Zijn vriend Henk Henriët werd wegens ondergrondse activiteiten opgepakt en afgevoerd, evenals vele Joodse vrienden. Henriët komt op 3 mei 1945 om bij het bombardement op de Cap Arcona. Een andere goede vriend, Jan Mulder, wegens het herbergen van onderduikers afgevoerd naar een werkkamp in Duitsland, overleeft de oorlog gelukkig wel. Hij emigreert naar Zweden. In 1945 verschijnt er een artikel over Gerard in “The Liberator”.
1946
Er wordt in Kunstzaal Van Lier in Amsterdam een groepstentoonstelling georganiseerd ter nagedachtenis aan de vele omgekomen kunstenaars. Kunsthandelaar Carel Van Lier zelf komt in 1945 in concentratiekamp Mühlenberg om het leven. Gerard doet mee, ook Gerrit van ‘t Net, Charlie Roelofs en Jan Peters.
1947
Zoon Guillaume raakt tijdens een epilepsie-aanval te water en verdrinkt, Gerard sluit zich op bij zijn zoon en maakt gedurende een week meerdere tekeningen en schilderijen van het opgebaarde lichaam.
1948- '52
Gerard werd vaak in zijn atelier opgezocht door veel jonge kunstenaars uit deze tijd, waaronder Theo Wolvecamp, Jan Sierhuis, Lucebert en mede-oprichter van Cobra, Karel Appel. In 1950 vertrekt Gerards dochter Tonie met Karel Appel naar Parijs, zijn dochter Sylvia woont inmiddels samen met Lucebert en krijgt met hem een zoon, Ward.
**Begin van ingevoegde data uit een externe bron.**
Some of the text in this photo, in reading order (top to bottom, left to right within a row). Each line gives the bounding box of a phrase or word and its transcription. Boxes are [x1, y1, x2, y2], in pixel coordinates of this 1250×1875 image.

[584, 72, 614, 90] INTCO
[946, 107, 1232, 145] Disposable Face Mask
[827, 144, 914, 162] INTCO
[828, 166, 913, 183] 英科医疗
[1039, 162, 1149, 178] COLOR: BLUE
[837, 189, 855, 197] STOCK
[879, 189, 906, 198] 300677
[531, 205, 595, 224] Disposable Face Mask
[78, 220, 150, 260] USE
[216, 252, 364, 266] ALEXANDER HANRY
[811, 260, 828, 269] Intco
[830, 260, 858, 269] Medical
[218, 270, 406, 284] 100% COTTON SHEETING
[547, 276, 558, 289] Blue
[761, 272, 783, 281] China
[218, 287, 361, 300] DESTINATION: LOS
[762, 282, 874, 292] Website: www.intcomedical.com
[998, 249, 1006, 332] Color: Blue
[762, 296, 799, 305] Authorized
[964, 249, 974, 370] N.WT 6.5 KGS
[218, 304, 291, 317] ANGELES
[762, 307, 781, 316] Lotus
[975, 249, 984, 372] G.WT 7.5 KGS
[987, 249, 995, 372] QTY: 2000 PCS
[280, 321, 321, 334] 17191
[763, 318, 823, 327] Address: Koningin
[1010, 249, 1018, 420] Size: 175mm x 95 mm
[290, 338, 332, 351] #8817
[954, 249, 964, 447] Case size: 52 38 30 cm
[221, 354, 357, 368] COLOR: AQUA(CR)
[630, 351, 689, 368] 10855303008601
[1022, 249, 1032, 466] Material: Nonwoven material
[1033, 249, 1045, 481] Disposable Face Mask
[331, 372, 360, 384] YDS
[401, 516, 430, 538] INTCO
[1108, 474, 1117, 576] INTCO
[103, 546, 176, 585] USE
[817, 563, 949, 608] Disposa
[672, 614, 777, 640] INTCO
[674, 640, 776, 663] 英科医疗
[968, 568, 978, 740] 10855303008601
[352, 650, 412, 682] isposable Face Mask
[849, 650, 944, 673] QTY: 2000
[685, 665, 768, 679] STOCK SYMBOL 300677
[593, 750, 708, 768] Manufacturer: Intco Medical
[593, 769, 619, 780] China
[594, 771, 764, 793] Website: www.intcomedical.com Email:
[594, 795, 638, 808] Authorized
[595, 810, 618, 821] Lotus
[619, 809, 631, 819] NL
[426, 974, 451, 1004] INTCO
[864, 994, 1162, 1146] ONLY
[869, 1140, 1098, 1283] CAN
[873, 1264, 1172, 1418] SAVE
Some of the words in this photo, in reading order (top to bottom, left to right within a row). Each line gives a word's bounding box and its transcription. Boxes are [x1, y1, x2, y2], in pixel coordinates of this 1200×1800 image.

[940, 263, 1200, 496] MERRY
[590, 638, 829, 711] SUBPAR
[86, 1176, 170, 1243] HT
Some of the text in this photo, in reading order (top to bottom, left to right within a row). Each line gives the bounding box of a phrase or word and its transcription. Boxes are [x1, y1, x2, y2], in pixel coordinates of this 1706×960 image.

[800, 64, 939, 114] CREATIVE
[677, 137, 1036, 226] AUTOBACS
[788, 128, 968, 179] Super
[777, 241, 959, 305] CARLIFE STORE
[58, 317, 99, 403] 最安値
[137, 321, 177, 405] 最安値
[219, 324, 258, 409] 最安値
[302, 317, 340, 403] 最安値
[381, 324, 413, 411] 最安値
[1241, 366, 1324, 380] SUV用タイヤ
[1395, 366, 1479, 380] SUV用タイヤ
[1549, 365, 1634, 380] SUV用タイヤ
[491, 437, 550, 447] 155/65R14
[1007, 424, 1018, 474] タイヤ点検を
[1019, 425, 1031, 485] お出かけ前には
In 1952 exposeert Gerard in Kunstzaal Hamel, Amsterdam. Er worden tekeningen van hem opgenomen in het kunst-tijdschrift “Zwart en Wit”. Hij zoekt vriend Jan Mulder op en verblijft gedurende 4 maanden in Zweden, heeft een solo-tentoonstelling in Malmö en schildert het portret van de Nederlandse consul, H. Roessingh. Vanaf deze tijd gaat hij geregeld naar Zweden, waar hij veel opdrachten kan krijgen.
1958
Het Oosteinde wordt gesloopt vanwege de bouw van de Nederlandse Bank, Gerard en Dien verhuizen, binnen Amsterdam deze keer, naar het Sarphatipark. De kinderen zijn nu allemaal het huis uit. Solo-tentoonstelling in Kunstzaal Plaats, Den Haag. (zie artikel)
1960
Gerard en Dien reizen naar Ibiza en Formentera hier ontstaan veel tekeningen en aquarellen.
1963
Gerard verlaat Dien voor Sonja Buchter. Vanaf die tijd gaat hij niet meer naar Eijlders, het kunstenaarscafé waar hij altijd kwam. Sonja’s vermogen stelt hen in staat veel reizen te maken, naar Frankrijk, Engeland, Spanje en Zuid-Afrika. Zijn werk wordt lichter en luchtiger van kleur en toon - landschappen en rotspartijen gaan een grotere rol spelen in zijn werk. Hij exposeert regelmatig, o.a. in Galerie Sfinx, Amsterdam, 1971, en gaf les, maar helaas zijn de nadere gegevens daarover bij de brand vernietigd.
1979
Vanaf 1979 gaat zijn gezichtsvermogen achteruit, wat terug te zien is in zijn werk. Hoewel hij blijft schilderen, maakt dit verslechterde zicht hem somber en neerslachtig.
1981
Gerards laatste tentoonstelling in Kunsthandel Wending, in Amsterdam. De verschijnselen van Alzheimer dienen zich aan. Ook tijdens zijn ziekte blijft hij schilderen. Zijn schilderijen neigen, door zijn slechte gezichtsvermogen en zijn ziekte, inmiddels naar abstracten, hoewel het kleurgebruik nog altijd warm en helder is. Hier en daar is nog iets van een portret of een landschap te herkennen.